Wednesday, April 13, 2011

New leader takes reins of SETCH

Executive director has history with therapy program

Express Staff Writer

Cheryl Bennett is the new executive director of the Sagebrush Equine Training Center for the Handicapped, north of Hailey. Photo by David N. Seelig

The Sagebrush Equine Training Center for the Handicapped near Hailey has a new leader—longtime board member and volunteer Cheryl Bennett.

Bennett worked at Lava Lake Lamb in Carey for six years before accepting her new position.

"People say I'm the perfect fit," she said. "I get very emotional about the program."

Bennett said she has been involved in Sagebrush Equine Training Center for the Handicapped for more than 20 years, serving as a board member in the early 1990s and volunteering. Her husband, Tim, has also worked for the program, and now works for Lava Lake Lamb.

"I'm very excited," she said. "It's a change for me. I want to be part of a program that changes people's lives."

Sagebrush Equine Training Center for the Handicapped was started and founded by Kristy Pigeon in 1991 to provide equine-facilitated therapy for challenged adults and children. Pigeon served as executive director until her retirement last year.

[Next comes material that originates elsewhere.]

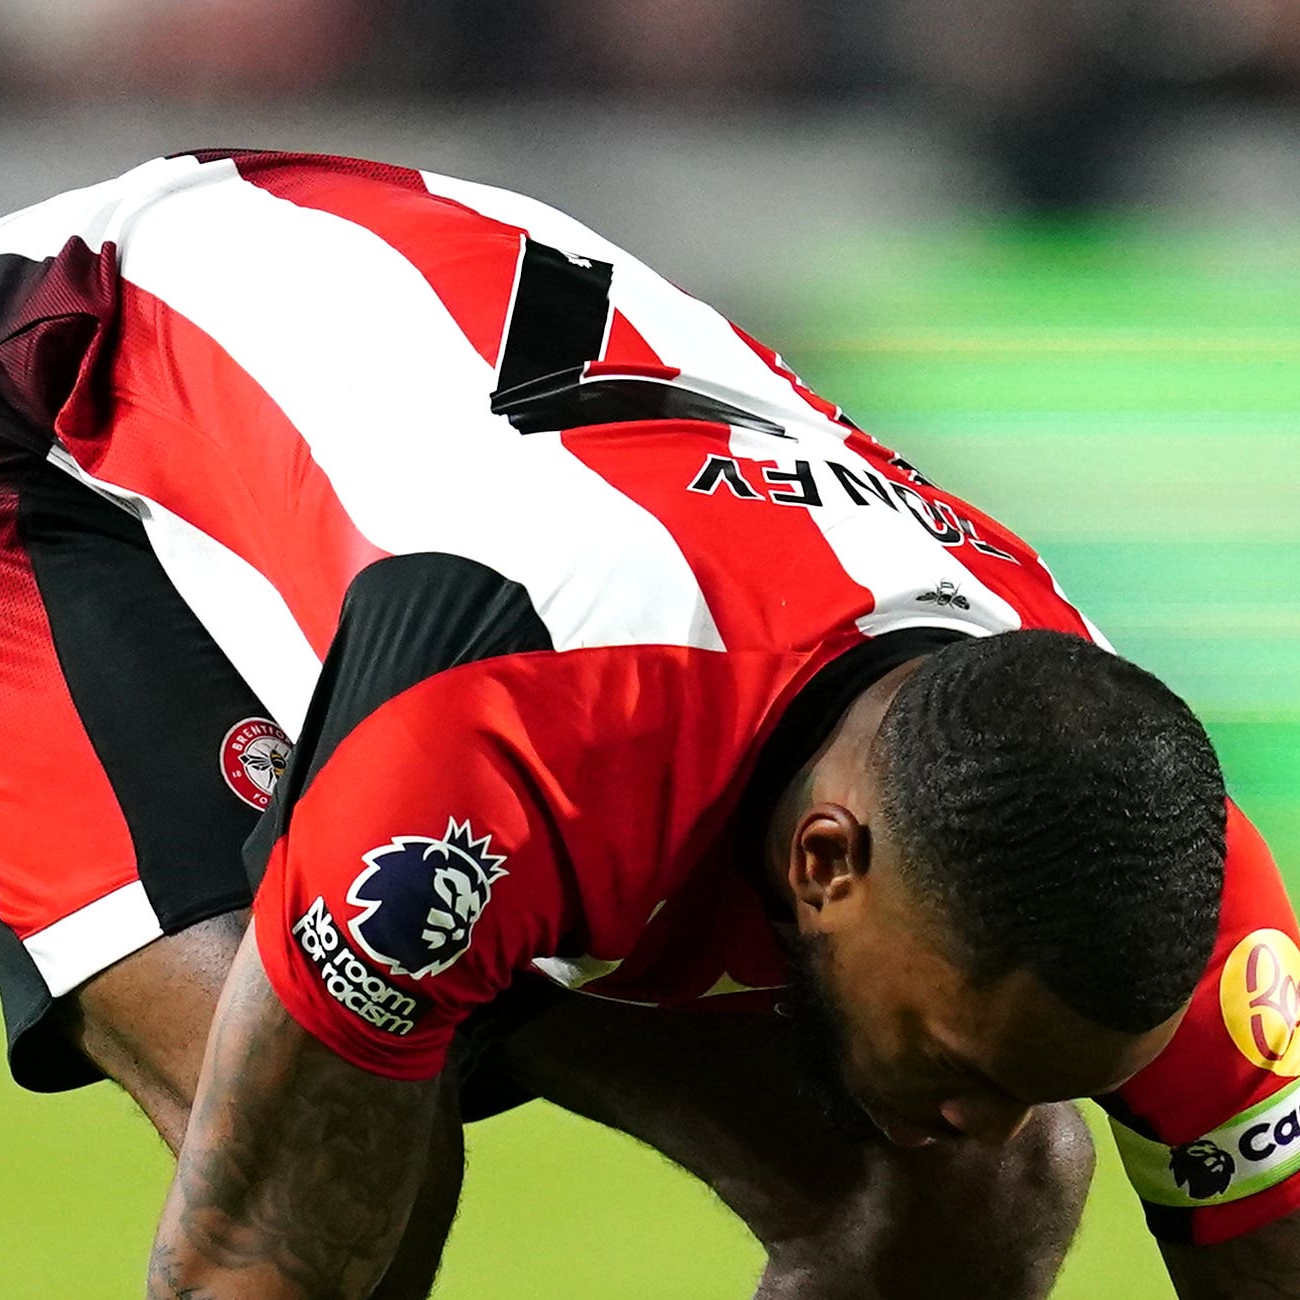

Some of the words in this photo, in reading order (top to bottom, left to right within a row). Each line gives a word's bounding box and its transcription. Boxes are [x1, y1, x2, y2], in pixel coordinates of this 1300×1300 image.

[308, 895, 339, 952] No
[333, 947, 416, 1016] room
[321, 962, 414, 1035] racism
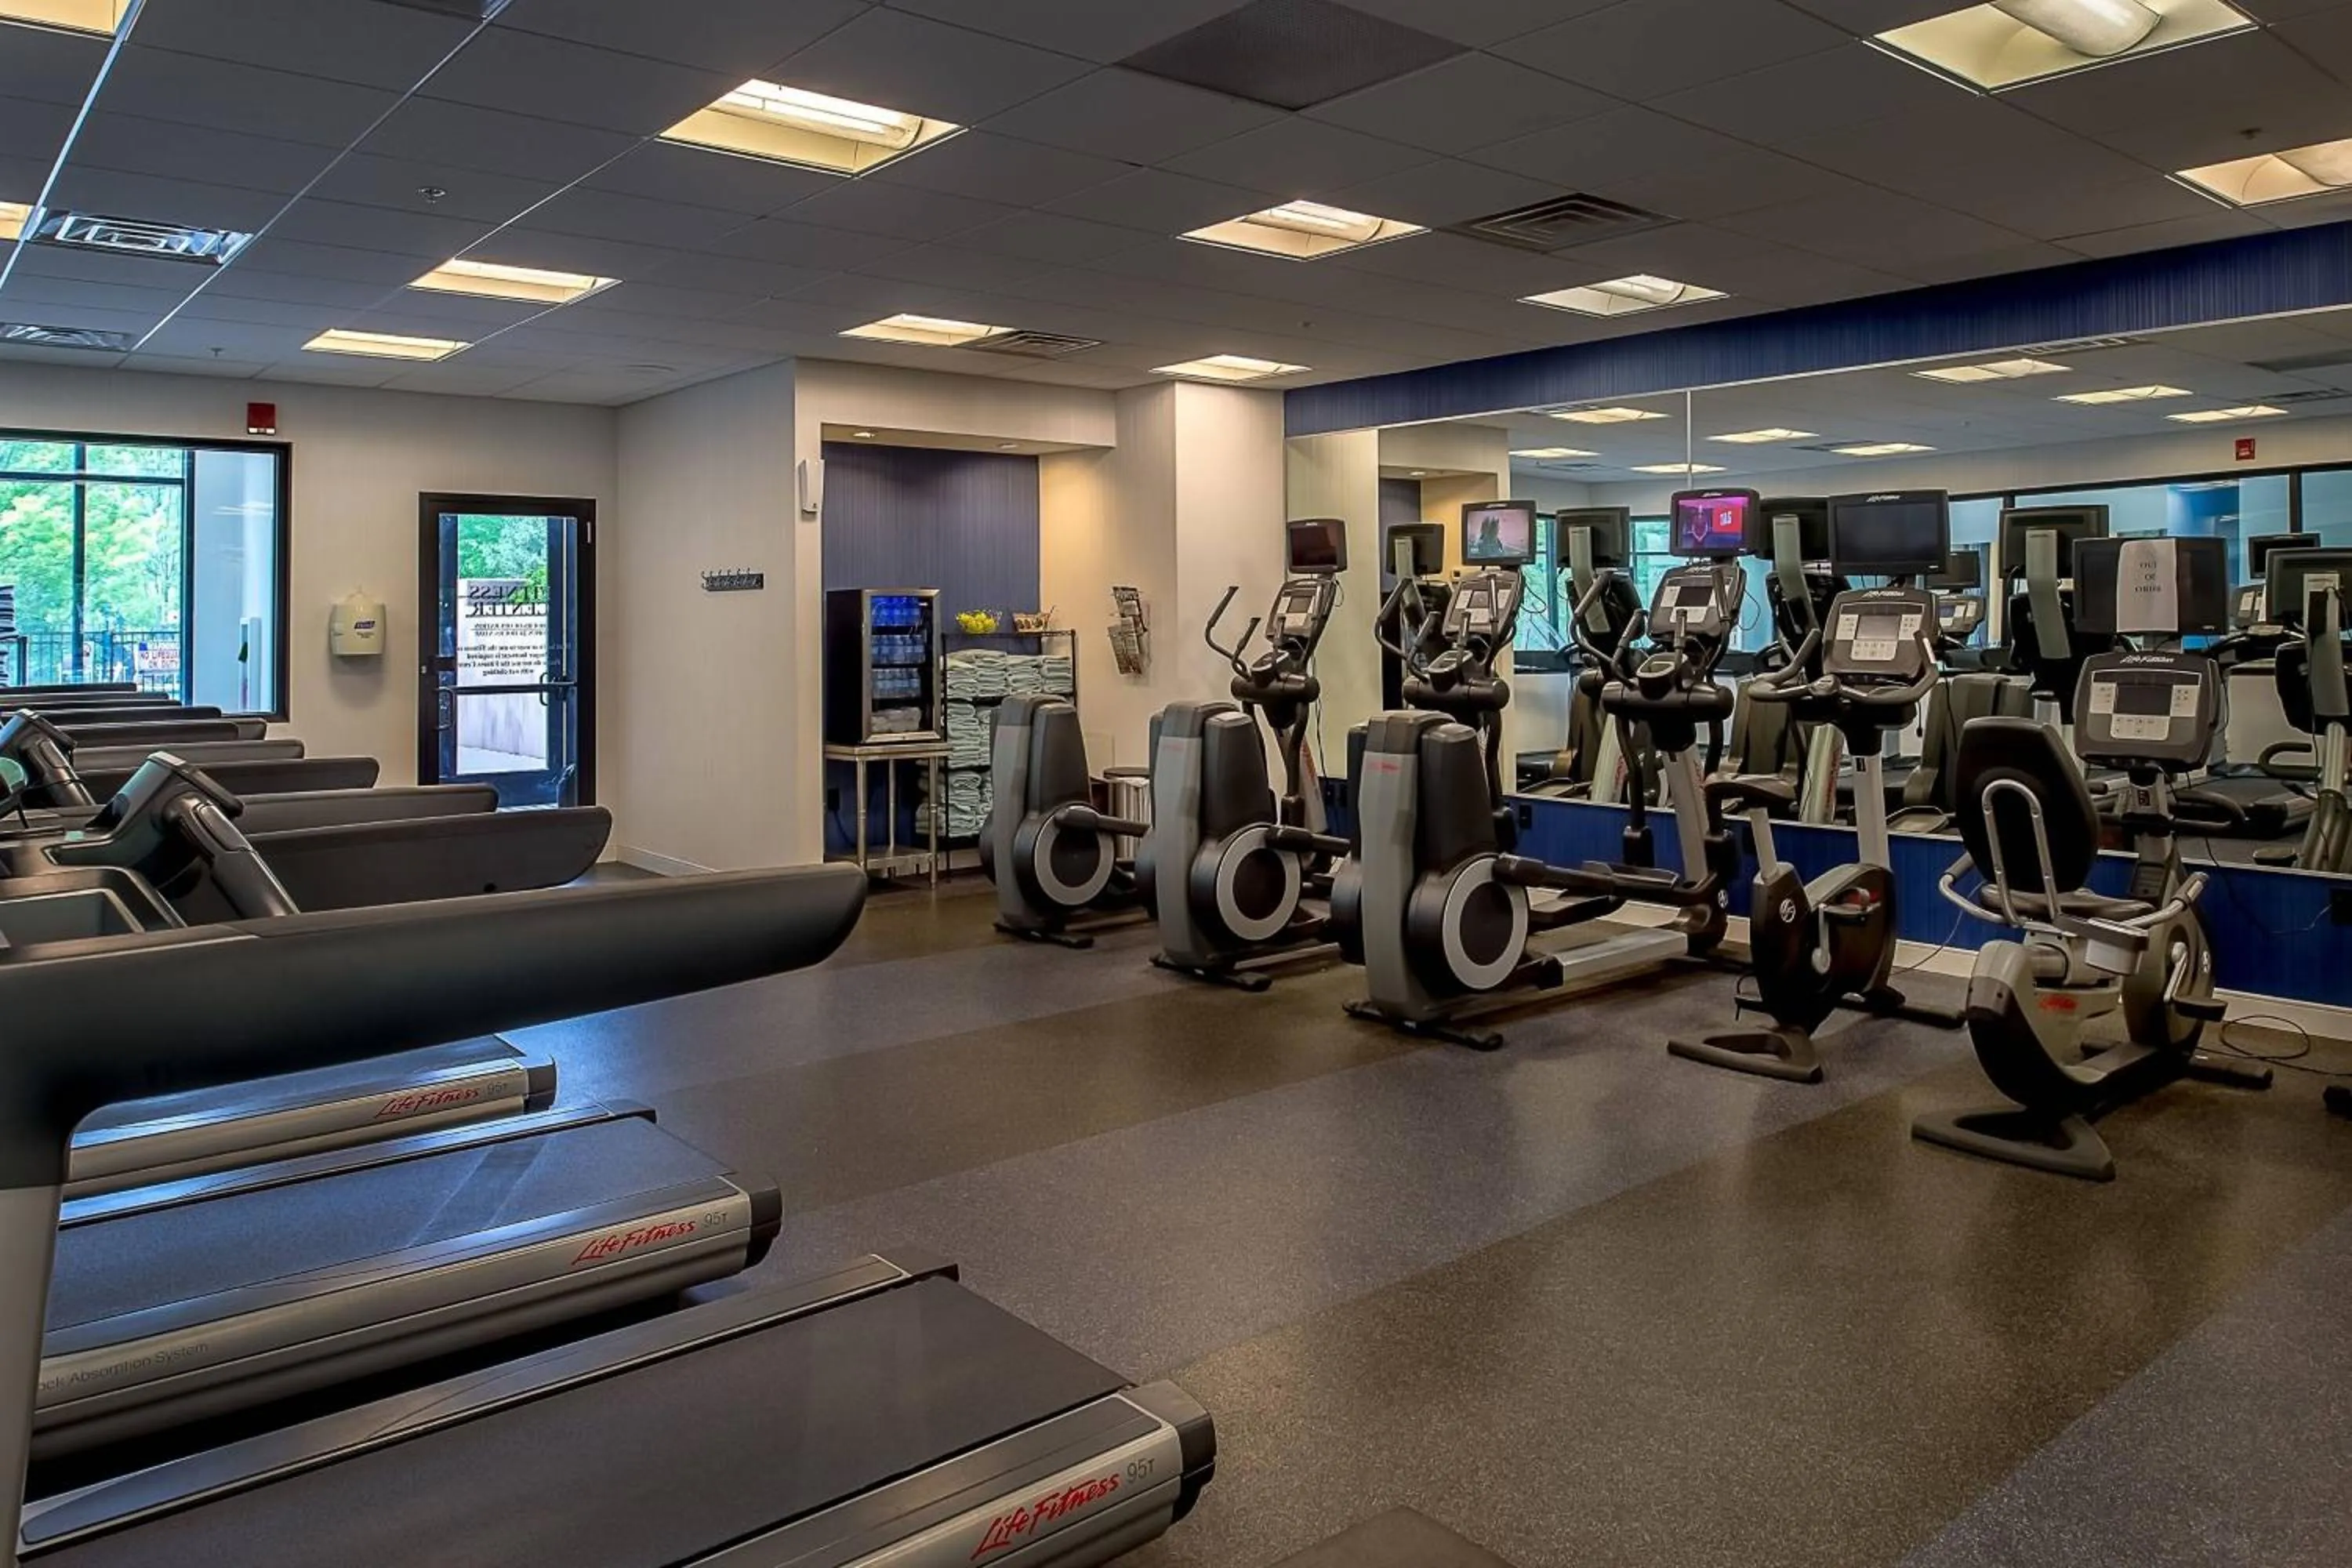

The center's goal is to provide physical, cognitive and emotional benefits that will encourage independence, help develop life skills and improve quality of life. It has programs for adults and children, including for participants in Higher Ground, the Idaho School for the Deaf and the Blind and Camp Rainbow Gold. Student participation is free. 

"We're a nonprofit, and a big part of my job will be to find funding," Bennett said. "I will also work on public awareness, so people know what we do at SETCH."

Bennett was born and raised in Idaho. She graduated from Idaho State University in Pocatello with a degree in health care administration. She worked for St. Luke's in Boise for four years, followed by a move to the Wood River Valley to live with her husband and to work for Idaho Power.

"All of my careers have made me ready for this position," she said. "I'm a horseback rider, and I have been around horses my whole life."

Bennett and her husband have their own mules and horses.

She has volunteered for the Trailing of the Sheep Festival, has worked for the American Cancer Society board in Blaine County and when living in Fairfield served as president of the Camas County American Cancer Society. She has also been president of Taste of the Valley, which funded the food bank in Blaine County. In addition, Bennett and her husband operated the Trappers Inn, a restaurant and retail store north of Fairfield.